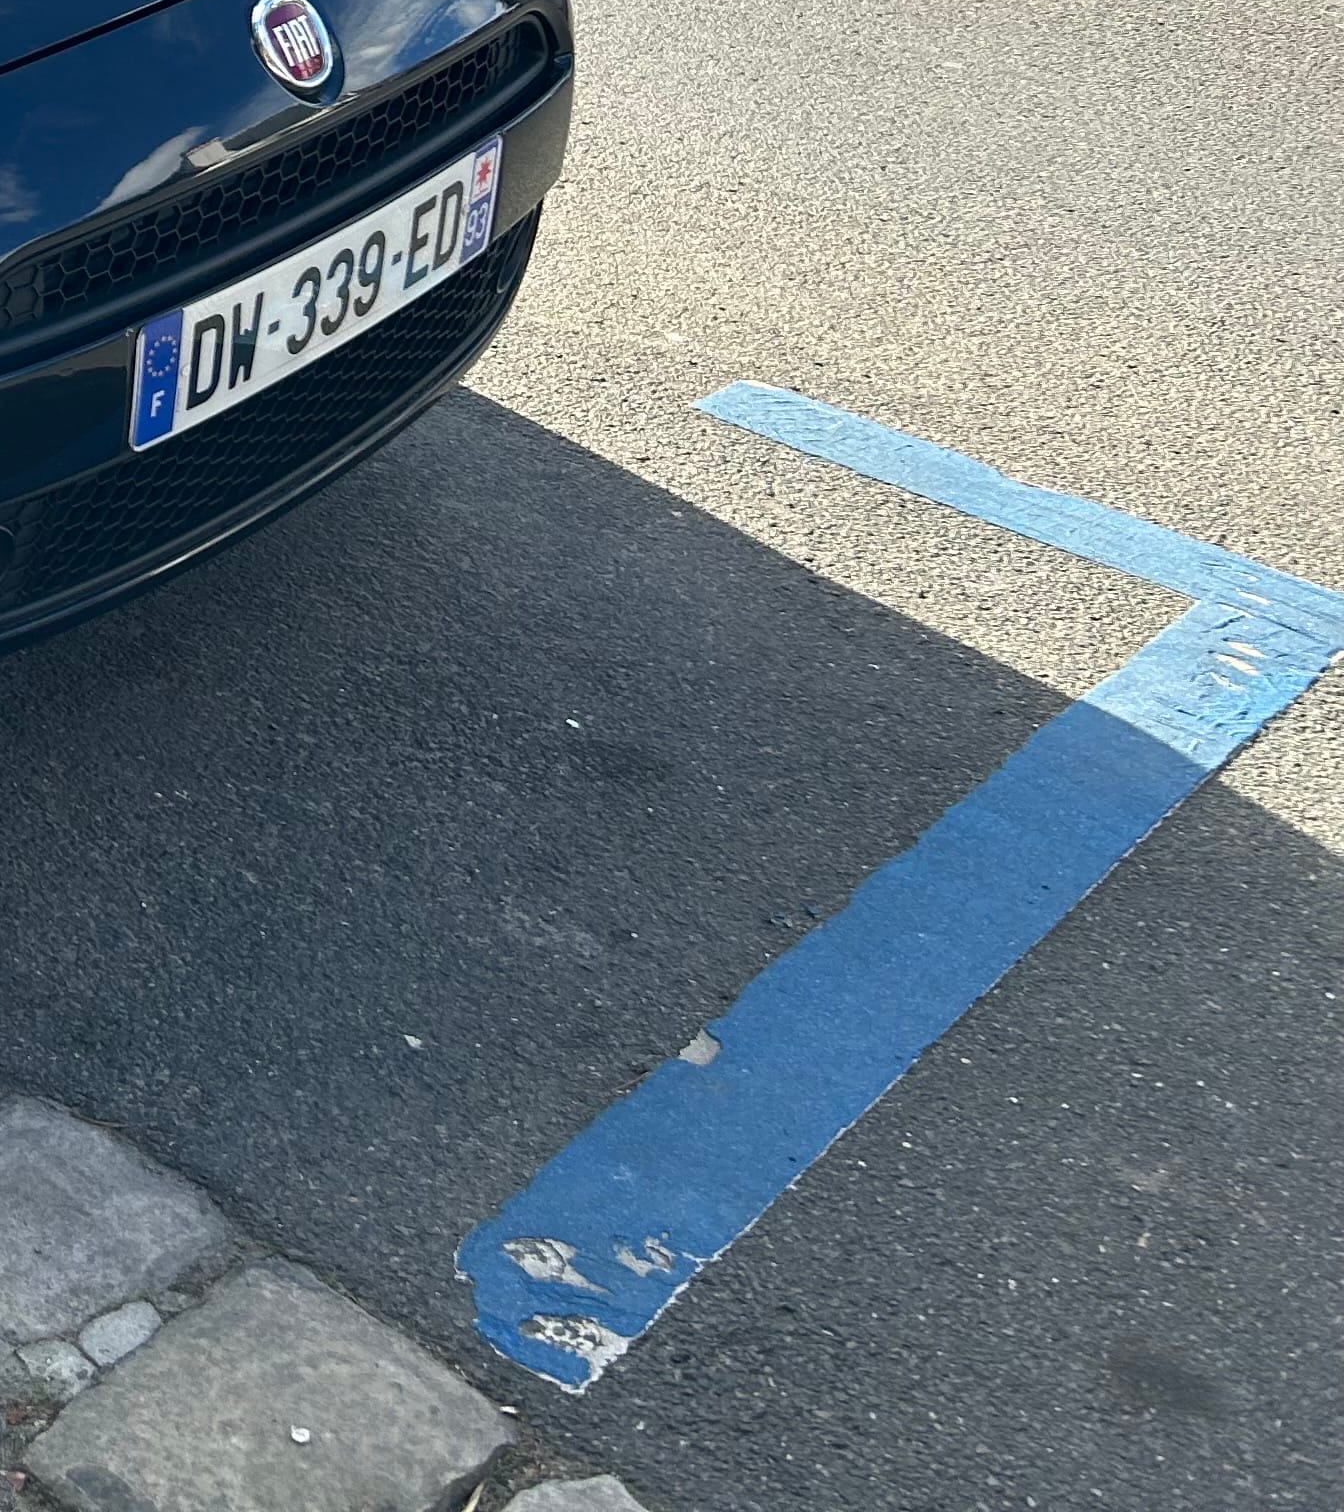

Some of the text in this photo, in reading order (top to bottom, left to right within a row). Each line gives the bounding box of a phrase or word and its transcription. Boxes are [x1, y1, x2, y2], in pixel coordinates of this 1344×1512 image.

[272, 14, 320, 67] FIAT
[464, 201, 489, 247] 93
[186, 180, 464, 411] DW-339-ED
[150, 390, 165, 418] F
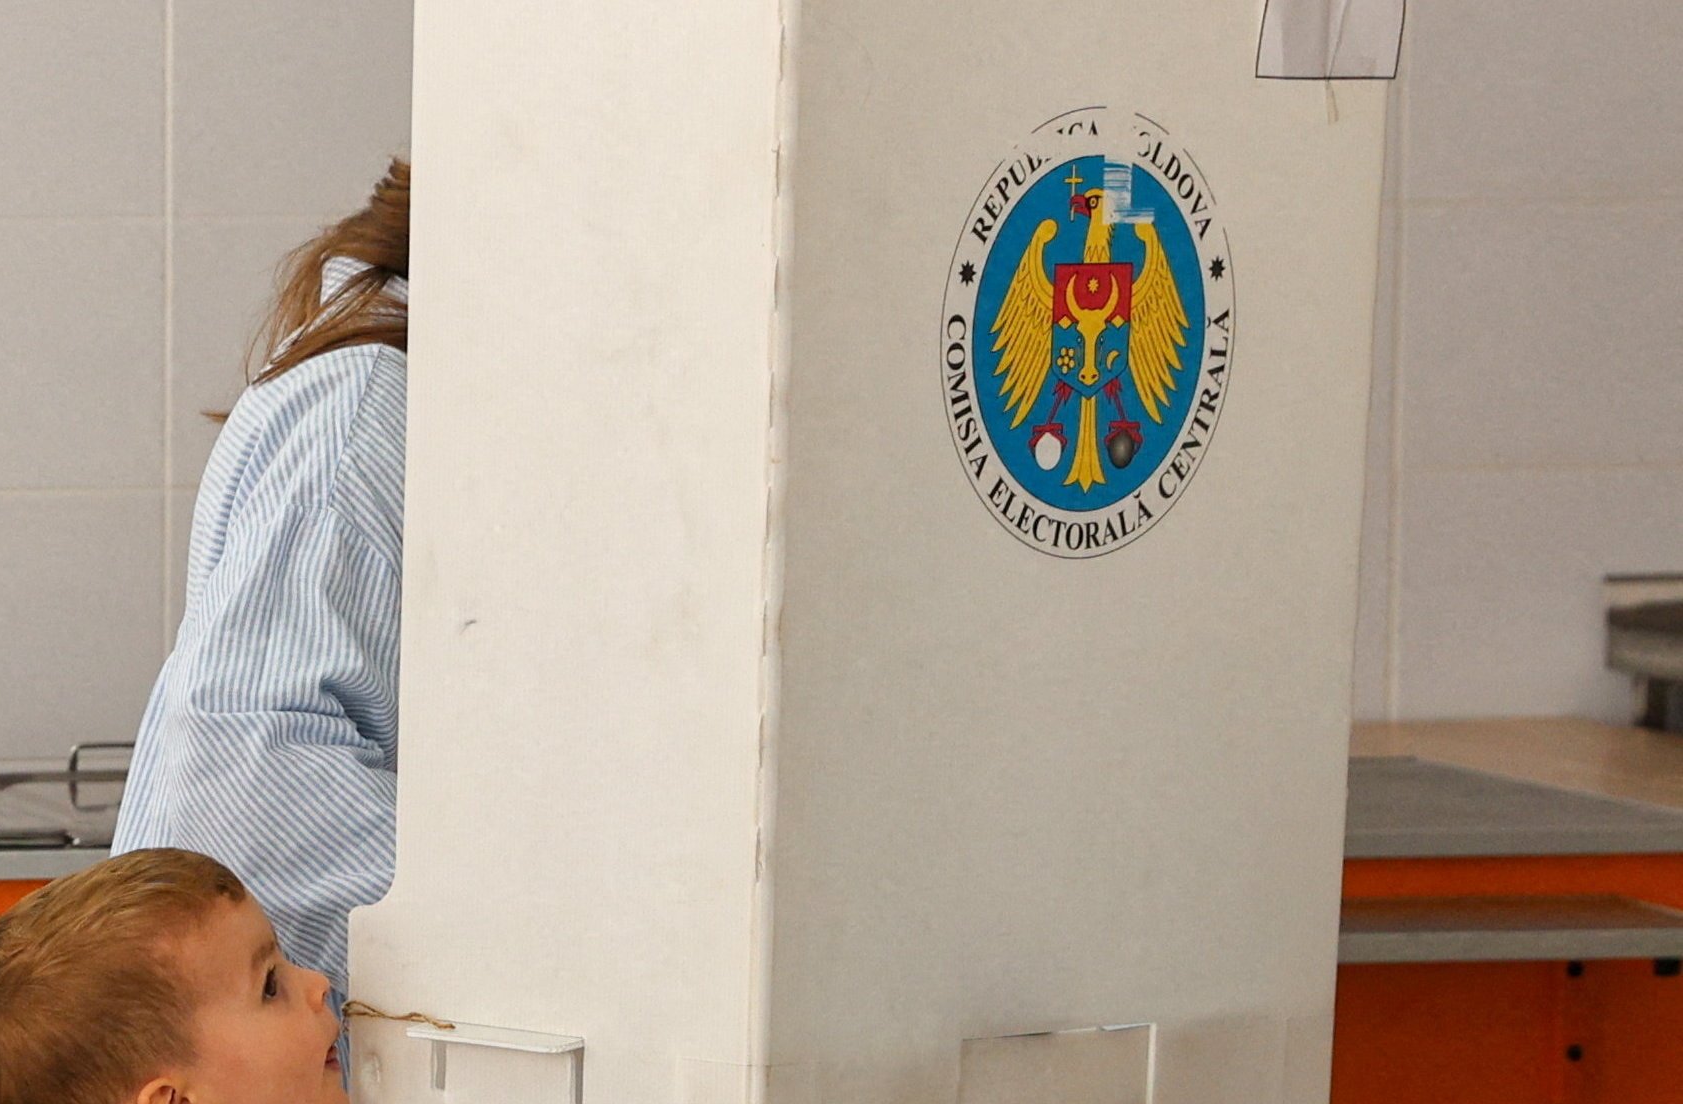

**Task to complete:**
What is needed is the whole listing again, exactly as written, with the images left out.

**Expected answer:**
Some of the text in this photo, in reading order (top to bottom, left to right within a row). Each line gives the bounding box of a phrase or word and its transcription. Boxes are [x1, y1, x2, y2], in pixel coordinates of this 1344×1512 image.

[272, 14, 320, 67] FIAT
[464, 201, 489, 247] 93
[186, 180, 464, 411] DW-339-ED
[150, 390, 165, 418] F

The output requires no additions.